Es ist nur ein halbes Jahr her, da musste Bernd Pischetsrieder um die Verlängerung seines Vertrages als Chef des VW-Konzerns zittern. Sein Vorgänger und Aufsichtsratschef Ferdinand Piëch zweifelte öffentlich an ihm, die Arbeitnehmervertreter waren ihm wegen seiner Umbaupläne gram. Er blieb Chef. Und jetzt landet der als Zauderer verschriene 58-Jährige ein Comeback: Erst einigten sich Management, IG Metall und Betriebsräte für die westdeutschen VW-Werke auf die Eckpunkte eines neuen Tarifvertrags, der die Arbeit dort effizienter und billiger machen kann. Nun könnte Pischetsrieder ein weiteres unvollendetes Projekt seines Vorgängers zum Erfolg führen.
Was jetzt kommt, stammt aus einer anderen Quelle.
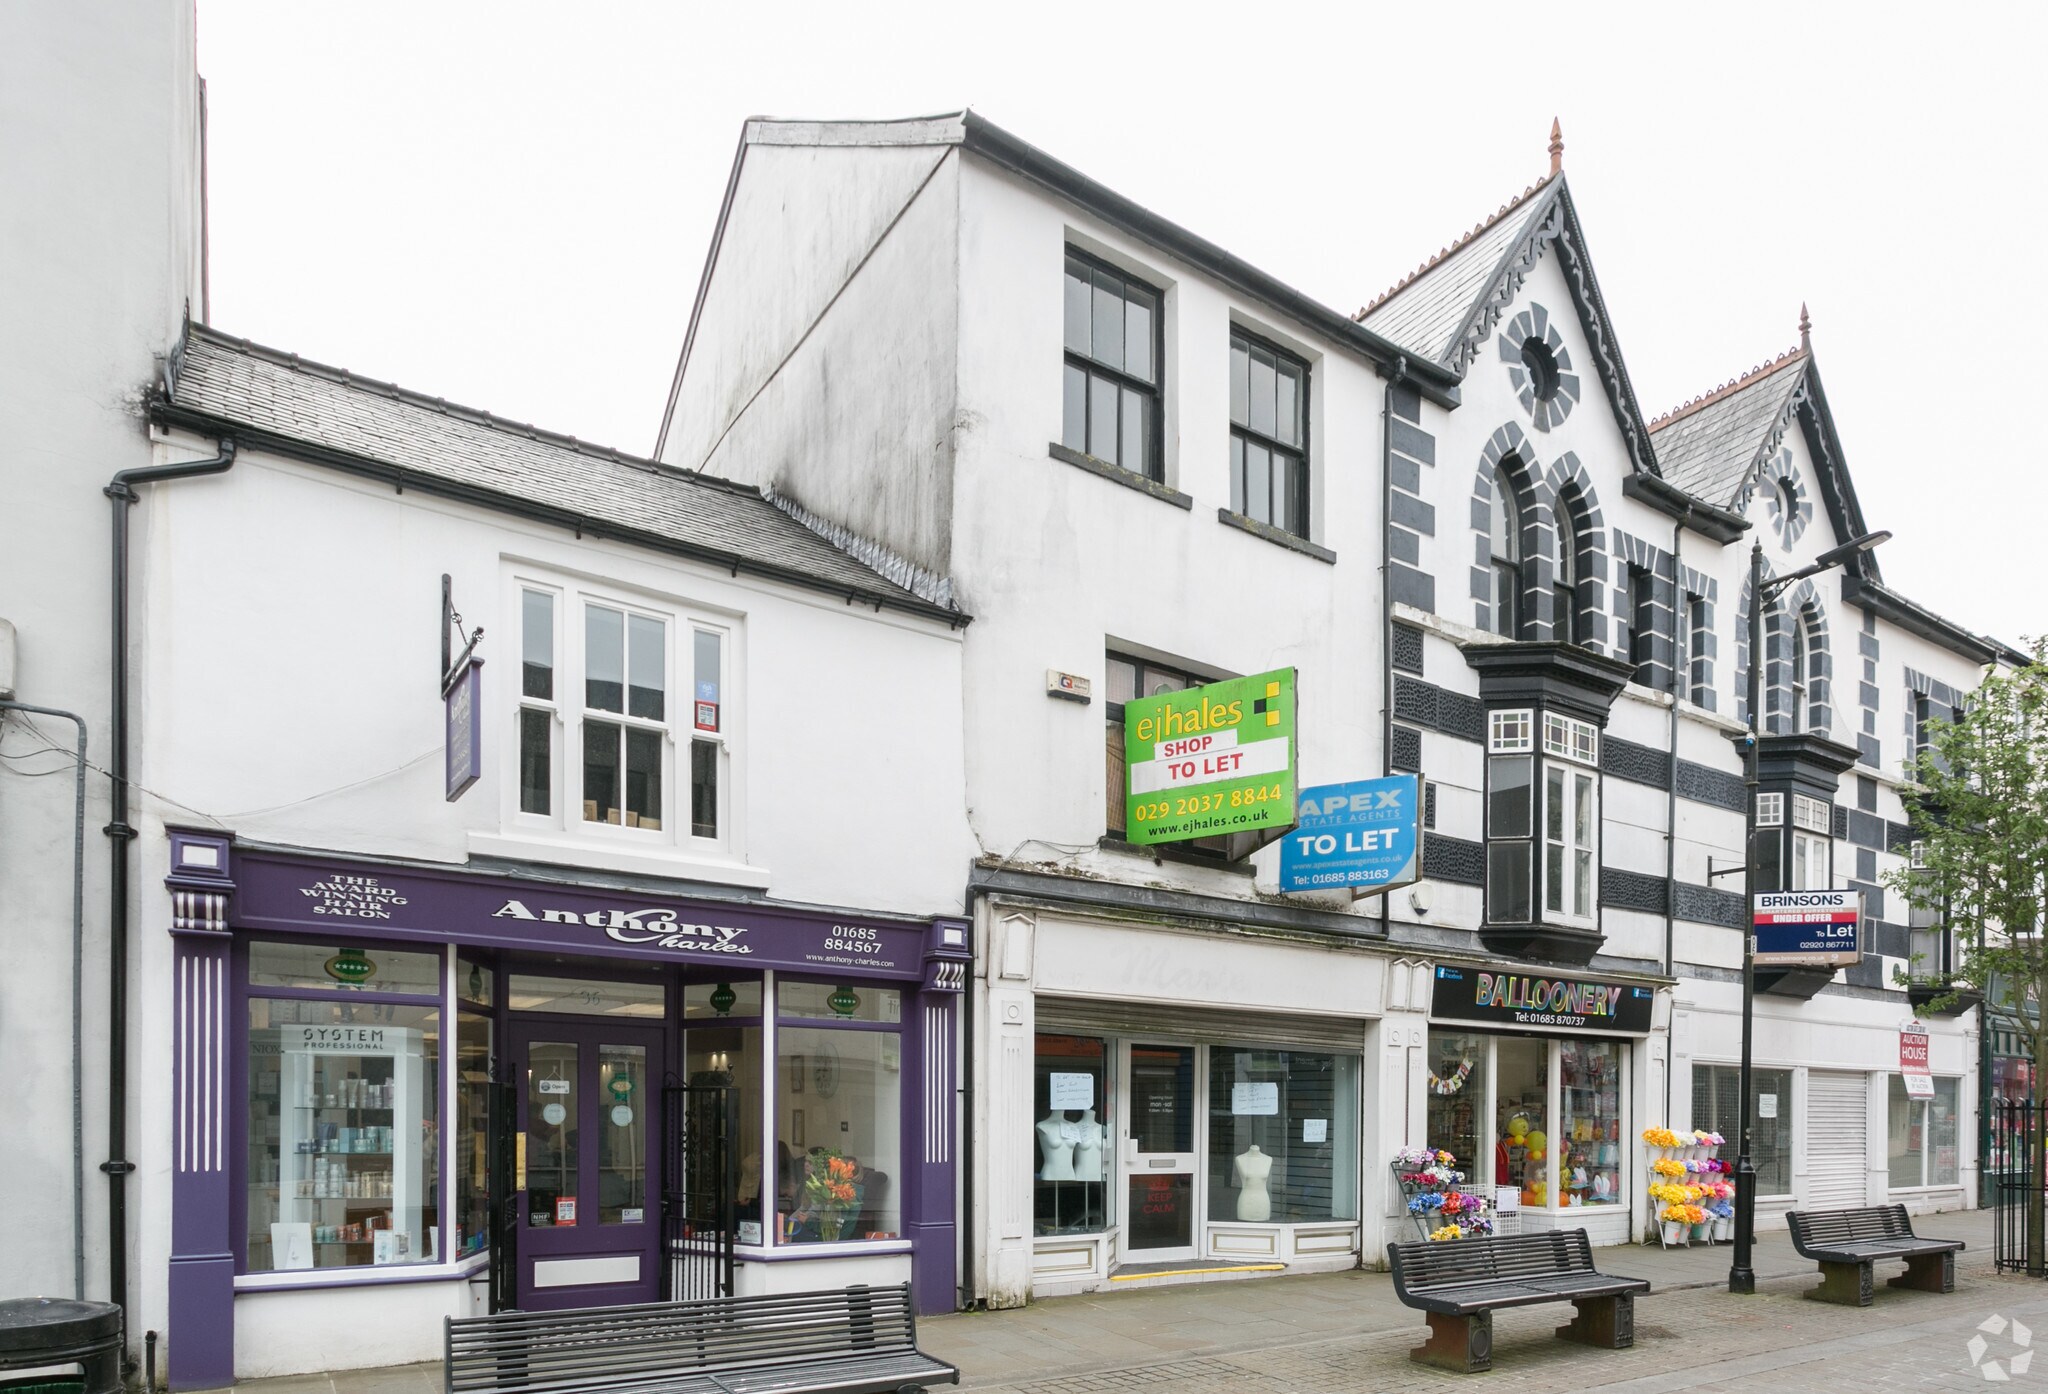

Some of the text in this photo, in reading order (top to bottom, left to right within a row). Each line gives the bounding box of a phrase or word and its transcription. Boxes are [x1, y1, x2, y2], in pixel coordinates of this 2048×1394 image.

Piëch hatte sich teuer beim schwedischen Lkw-Bauer Scania eingekauft, um die ganze Palette von Nutzfahrzeugen anbieten zu können. Das funktionierte nicht. Jetzt nutzt Pischetsrieder den Angriff des deutschen Konkurrenten MAN auf Scania, um eine Neuordnung des europäischen Marktes zu orchestrieren. Durch seinen Coup, sich auch bei MAN als Großaktionär einzukaufen, treibt er die beiden anderen Unternehmenschefs zu einer "freundlichen" Zusammenarbeit. Binnen vier Wochen sollen sie ausloten, wie man gemeinsam Geld sparen und besser vorankommen könnte. Außerdem will der VW-Chef die eigene Herstellung von Schwerlastern in Brasilien an die neue Allianz andocken und auch sonst mit dem möglichen MAN-Scania-Verbund kooperieren. Das könnte allen Seiten nutzen. Kommt Pischetsrieder mit dem Plan durch, dann kann er als derjenige in die VW-Geschichte eingehen, der das schwierige Erbe seines Vorgängers geordnet hat.

Und all jene, die derzeit rasend schnell einen deutschen Topmanager nach dem anderen abschreiben, sollten sich im Übrigen überlegen, ob sie nicht einen längeren Atem brauchen.